As Assistant Secretary of State for European and Eurasian Affairs, Nuland has been shuttling back and forth to Kiev and other European capital fomenting the anti-Russia policies that now leave the world on the brink of general war.

This past October, Nuland was back in Kiev just prior to the Ukraine parliamentary elections. From Kiev she traveled to Berlin, where she delivered a blood-curdling speech at the Aspen Institute’s Berlin 40th anniversary conference, attacking Russia and Putin, and effectively equating Putin’s actions in Crimea and eastern Ukraine with the Islamic State’s butchery in Mosul, and with the spread of Ebola in Africa.
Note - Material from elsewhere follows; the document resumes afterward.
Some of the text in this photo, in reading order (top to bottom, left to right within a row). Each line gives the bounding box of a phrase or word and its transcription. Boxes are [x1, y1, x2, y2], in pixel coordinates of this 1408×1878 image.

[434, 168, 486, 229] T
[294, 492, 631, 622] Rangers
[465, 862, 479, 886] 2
She insisted "there must be no sanctions relief until all foreign forces and equipment have left Ukraine, until Ukrainian sovereignty over its international border has been restored, and until all of the hostages have been released." She went on, "Even as we work on securing Ukraine and its democratic and European choice, we have to work together, the U.S. and Germany, across the trans-Atlantic community to secure our NATO space and to make sure that every NATO ally knows that our Article 5 guarantee means what it says and that we will defend every inch of our space.... NATO also craves the strongest possible Germany, leading our frontline reassurance mission with soldiers, with planes, with ships on the front eastern lines."

In late November, Nuland was back in Kiev, joining with Vice President Joe Biden to pressure Ukraine’s President Poroshenko to rapidly form a right-wing coalition government. She arrived in Kiev from Latvia, where she delivered yet another provocative threat to Russia, grabbing headlines with her declaration that American soldiers were prepared to "give our lives for the security of these countries.... No one has the right to shoot at territory of NATO." She assailed Putin for allegedly violating the Minsk accords, and warned "Russia must make a choice."
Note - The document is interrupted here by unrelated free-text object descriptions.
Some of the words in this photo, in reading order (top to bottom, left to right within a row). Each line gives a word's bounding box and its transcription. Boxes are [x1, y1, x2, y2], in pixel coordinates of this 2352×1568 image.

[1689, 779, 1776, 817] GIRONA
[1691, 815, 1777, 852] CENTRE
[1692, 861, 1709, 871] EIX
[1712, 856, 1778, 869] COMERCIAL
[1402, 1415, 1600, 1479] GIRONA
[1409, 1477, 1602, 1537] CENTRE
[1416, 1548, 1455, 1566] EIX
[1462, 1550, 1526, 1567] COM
Although she is a career foreign service officer, Nuland was a fixture in the Bush-Cheney neo-conservative inner circle. Following the 2001 elections, she was transferred to the Office of the Vice President, where she served as his Principal Deputy Foreign Policy Advisor. In 2005 she was named Bush’s Ambassador to NATO, a post she held from June 20, 2005 to May 2, 2008. She arrived at Brussels as the original "Orange Revolution" was getting under way in Kiev.

Nuland’s husband Robert Kagan is in competition with her as President Obama’s favorite neo-con. Kagan was not only a co-founder of the Project for a New American Century (PNAC). He was also a founder, in 1999, of the American Committee for Peace in Chechnya, an outfit housed at Freedom House and launched by Zbigniew Brzezinski, Alexander Haig, and Steven Solarz, to cheerlead for the Chechen rebels during the Second Chechen War. When the Russians defeated the British-backed Chechen insurgency, the group changed its name to the American Committee for Peace in the Caucasus, and remained active through 2013, promoting a hatred of Russia that some say contributed to the climate where the FBI and other U.S. agencies ignored the Russian warnings about the Boston Marathon bombers.

In his January 2012 State of the Union Address, Obama made reference to a recent Kagan essay in the New Republic on the "Myth of American Decline." In interviews with reporters just hours before that address, he spent ten minutes reviewing the article, quoting it line by line, and touting its importance, according to Josh Rogin. Then-National Security Advisor Tom Donilon confirmed to reporters that Obama was deeply impressed by the Kagan essay, and that it was virtually mandatory reading within the Obama national security inner circles.